Free-text object descriptions:

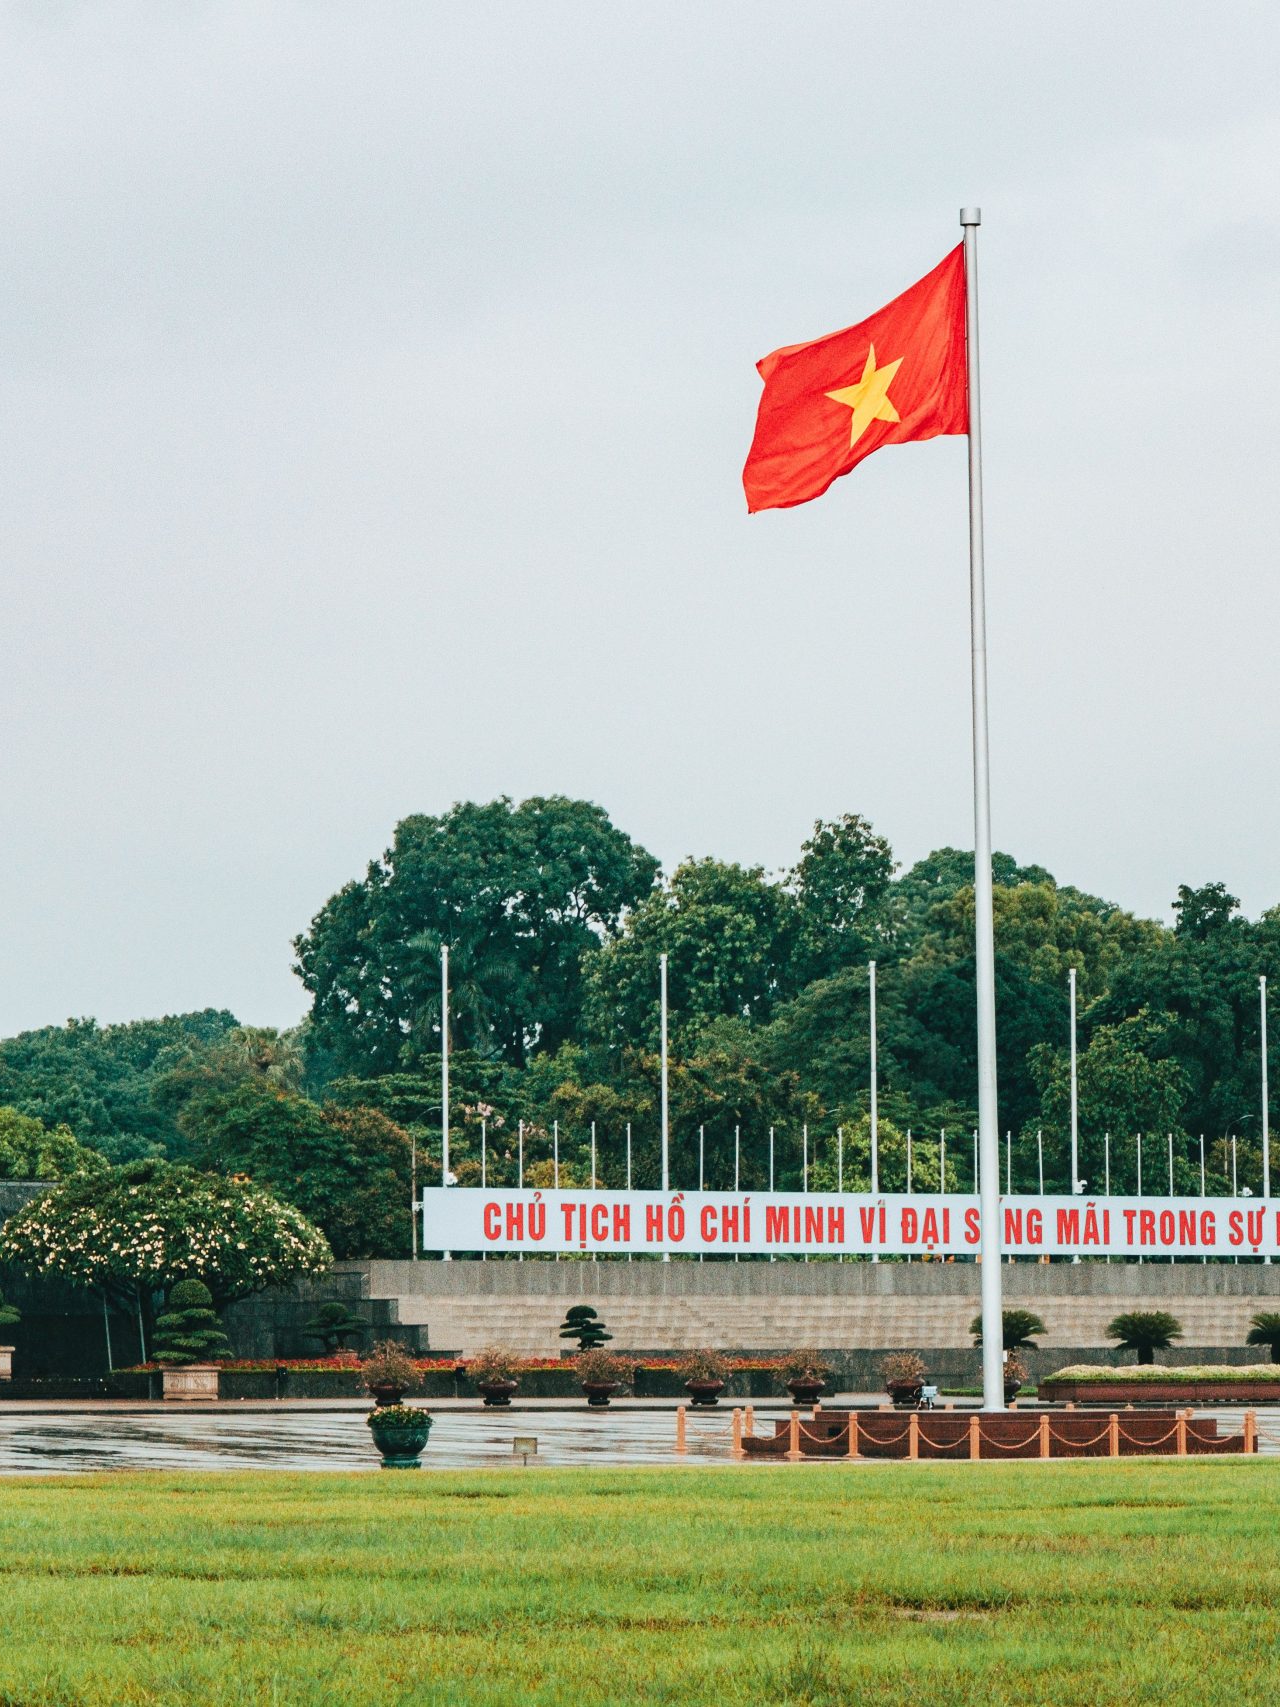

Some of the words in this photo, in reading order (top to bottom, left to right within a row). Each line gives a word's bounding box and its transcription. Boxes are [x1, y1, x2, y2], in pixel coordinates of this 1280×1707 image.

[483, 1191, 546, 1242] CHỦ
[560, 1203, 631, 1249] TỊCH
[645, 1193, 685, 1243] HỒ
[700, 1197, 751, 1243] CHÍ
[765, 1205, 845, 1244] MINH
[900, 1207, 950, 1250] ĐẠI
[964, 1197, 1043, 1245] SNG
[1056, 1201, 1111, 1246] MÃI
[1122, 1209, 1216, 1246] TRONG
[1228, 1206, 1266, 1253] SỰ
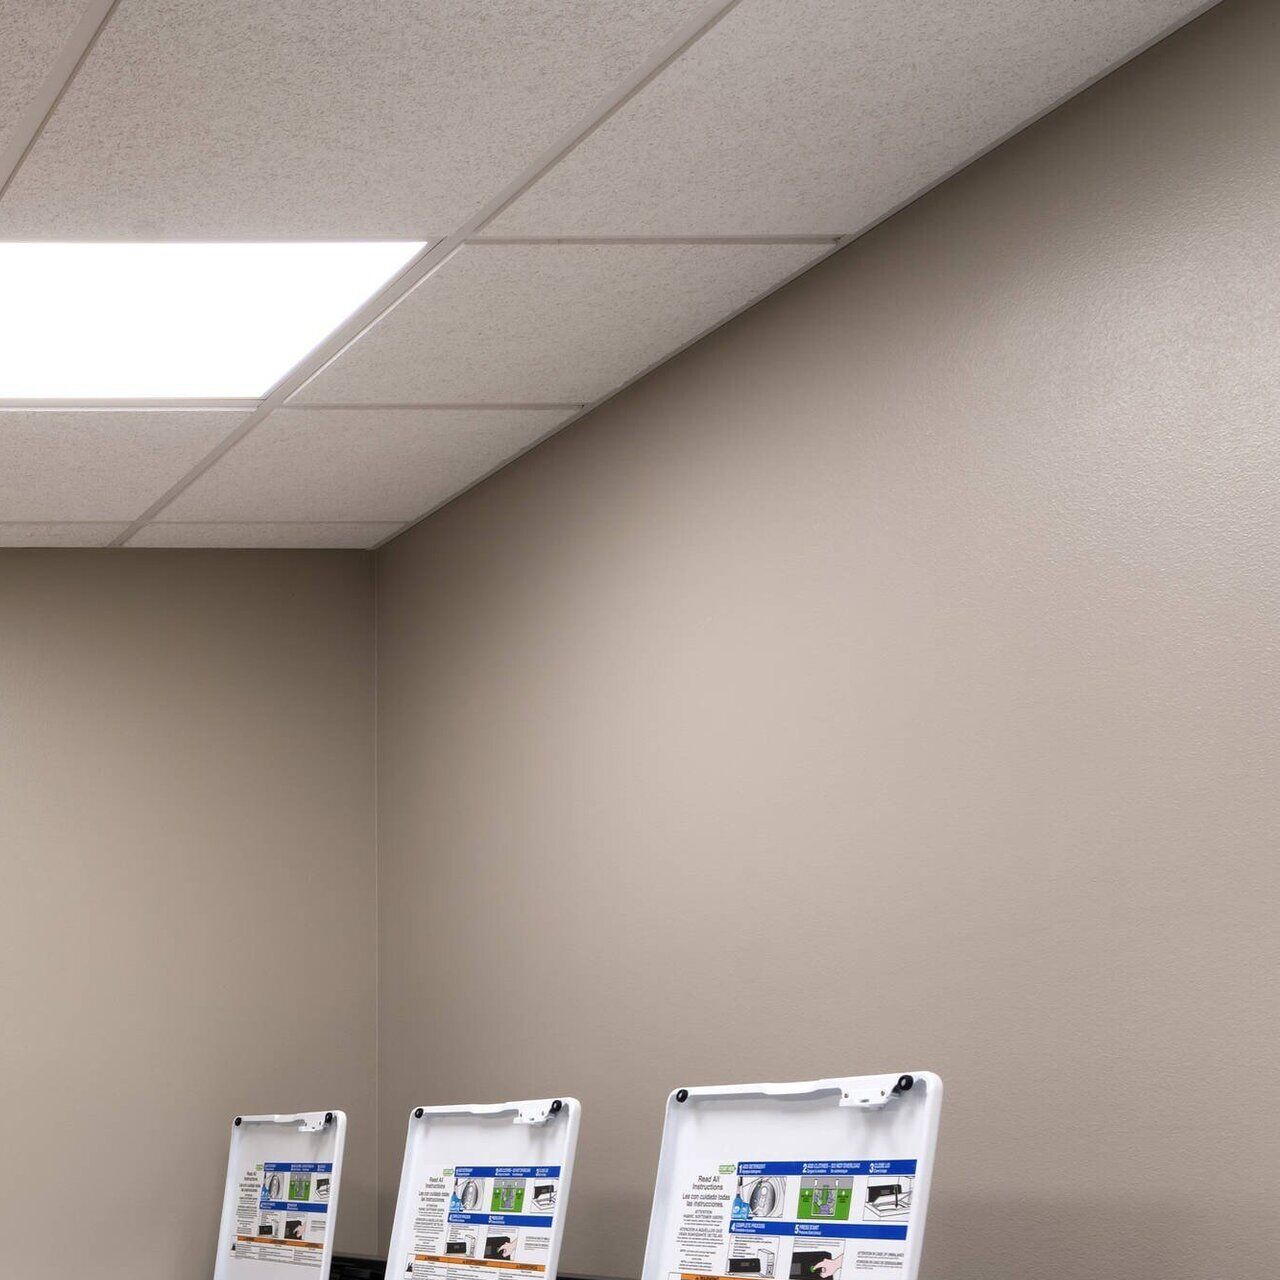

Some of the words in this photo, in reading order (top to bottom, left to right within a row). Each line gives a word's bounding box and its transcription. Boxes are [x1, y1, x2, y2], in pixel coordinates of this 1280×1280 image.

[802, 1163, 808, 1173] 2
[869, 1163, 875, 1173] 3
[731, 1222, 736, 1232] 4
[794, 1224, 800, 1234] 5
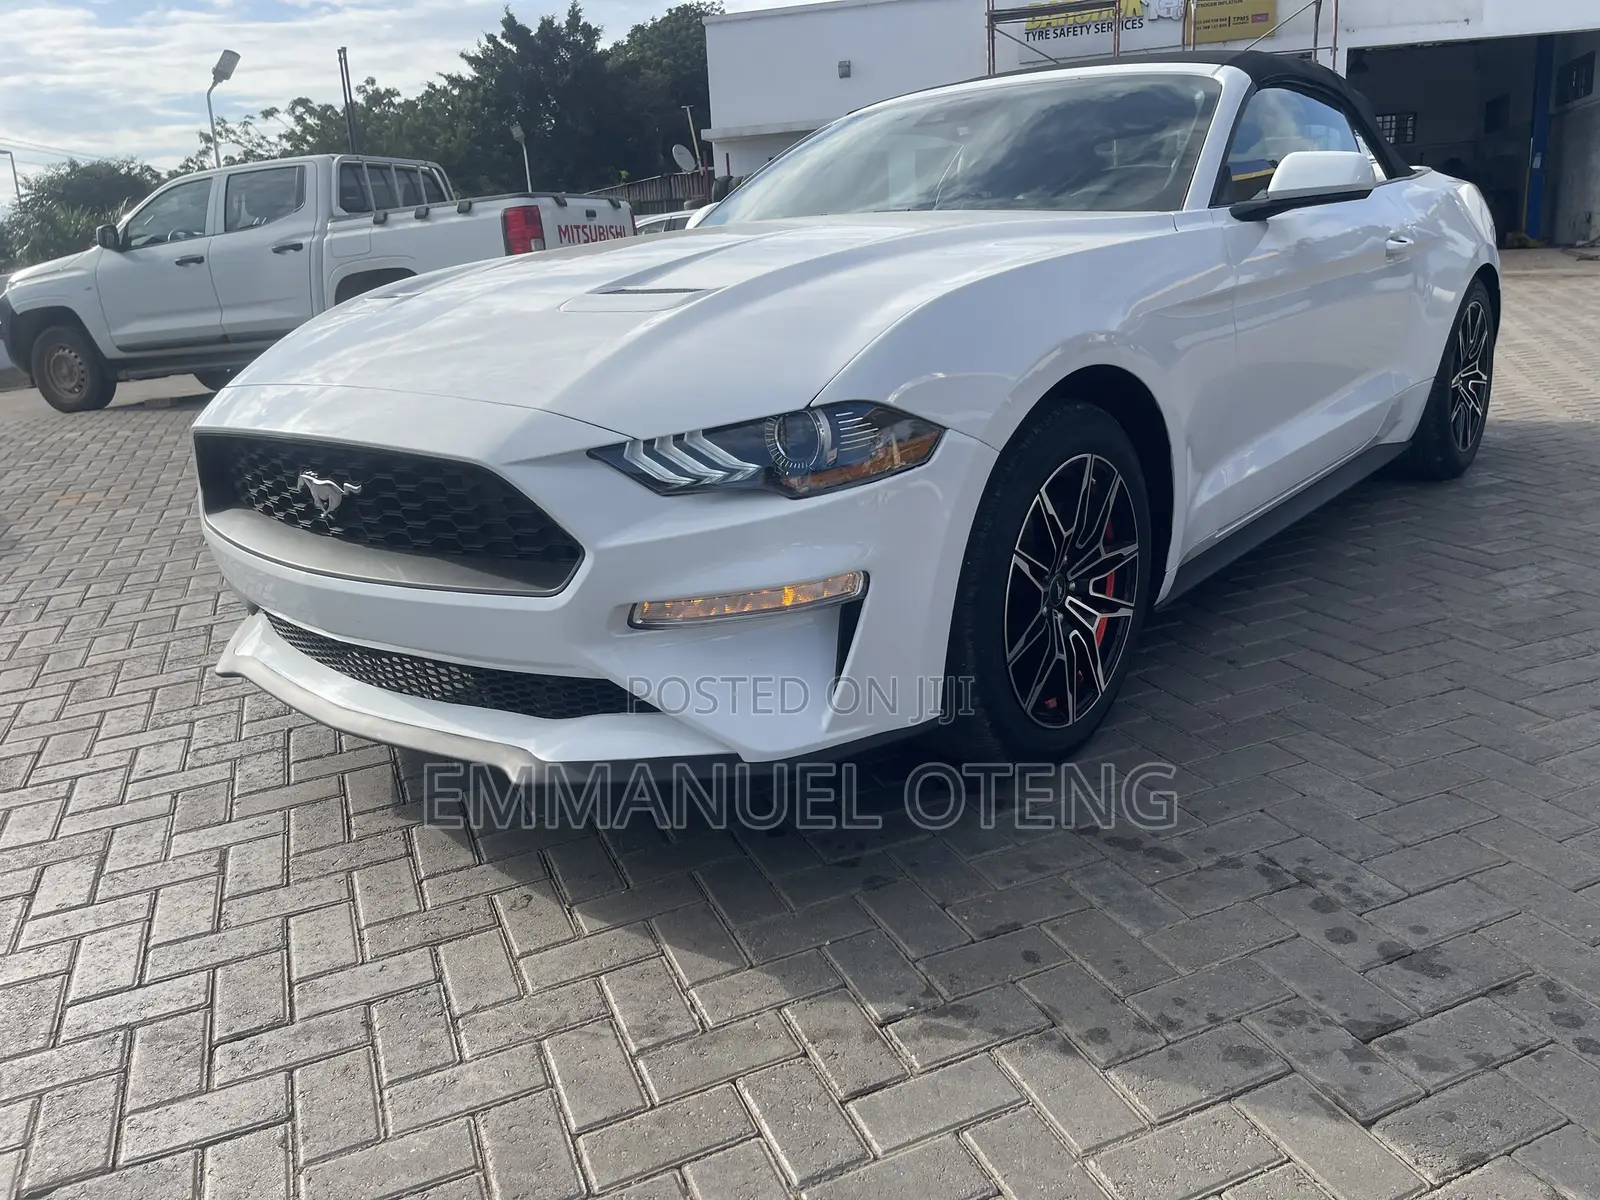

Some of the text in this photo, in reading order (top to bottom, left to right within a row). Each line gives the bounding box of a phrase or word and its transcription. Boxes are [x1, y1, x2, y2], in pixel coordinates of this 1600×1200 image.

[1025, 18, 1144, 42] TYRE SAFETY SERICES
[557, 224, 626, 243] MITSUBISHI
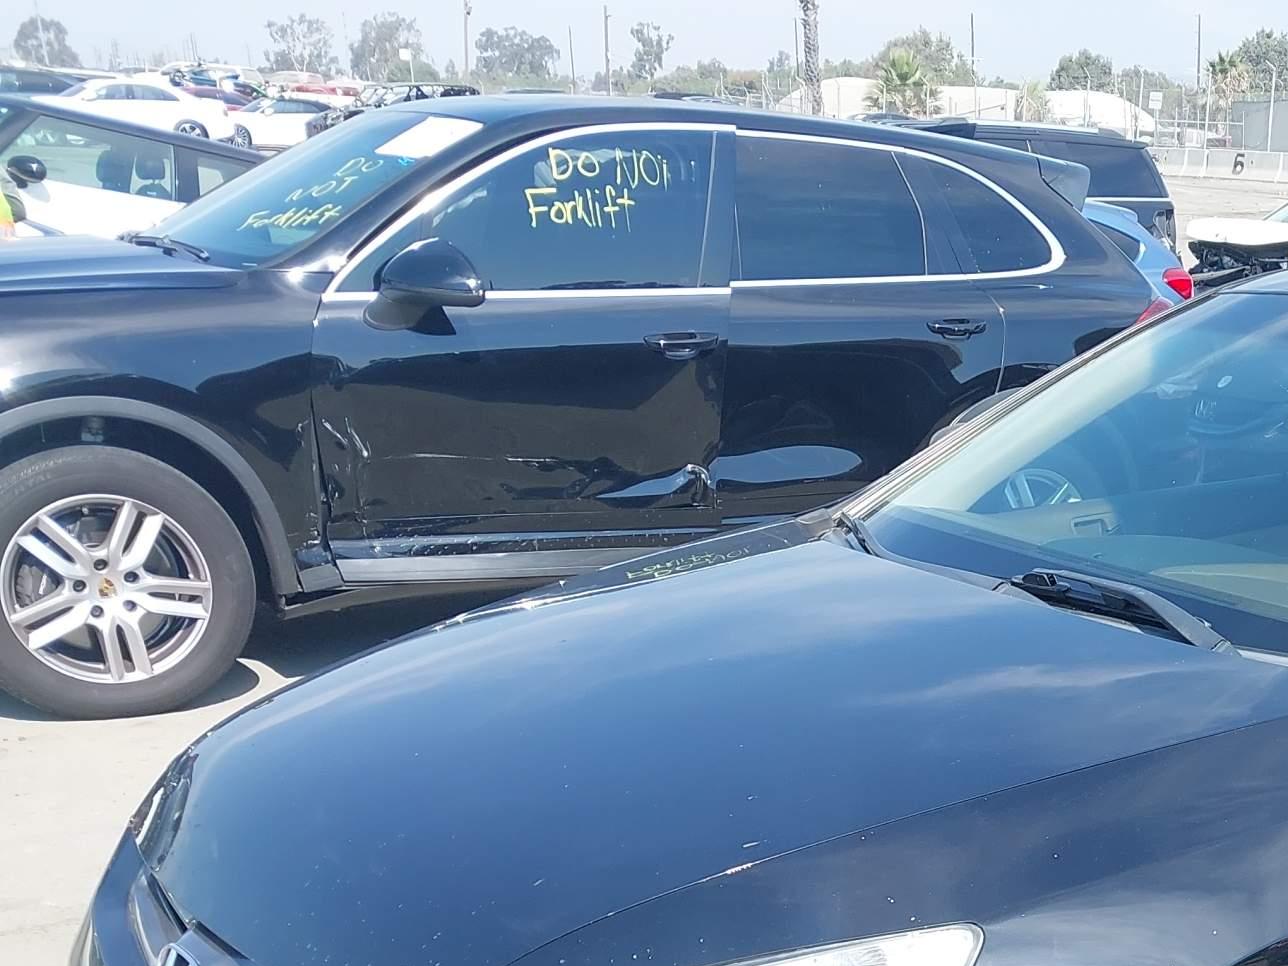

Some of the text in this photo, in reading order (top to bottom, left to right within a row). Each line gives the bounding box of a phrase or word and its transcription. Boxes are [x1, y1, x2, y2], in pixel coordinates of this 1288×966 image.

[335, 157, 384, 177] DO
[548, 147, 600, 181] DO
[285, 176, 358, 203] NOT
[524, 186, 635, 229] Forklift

- [Goal of the exercise]: Give back word for word the lines from the one containing "this 1600×1200 image." through the final line of the data above. Pictures are to be left out.

- [Output]:
Some of the text in this photo, in reading order (top to bottom, left to right within a row). Each line gives the bounding box of a phrase or word and its transcription. Boxes are [x1, y1, x2, y2], in pixel coordinates of this 1600×1200 image.

[1025, 18, 1144, 42] TYRE SAFETY SERICES
[557, 224, 626, 243] MITSUBISHI

Some of the text in this photo, in reading order (top to bottom, left to right within a row). Each line gives the bounding box of a phrase or word and its transcription. Boxes are [x1, y1, x2, y2], in pixel coordinates of this 1288×966 image.

[335, 157, 384, 177] DO
[548, 147, 600, 181] DO
[285, 176, 358, 203] NOT
[524, 186, 635, 229] Forklift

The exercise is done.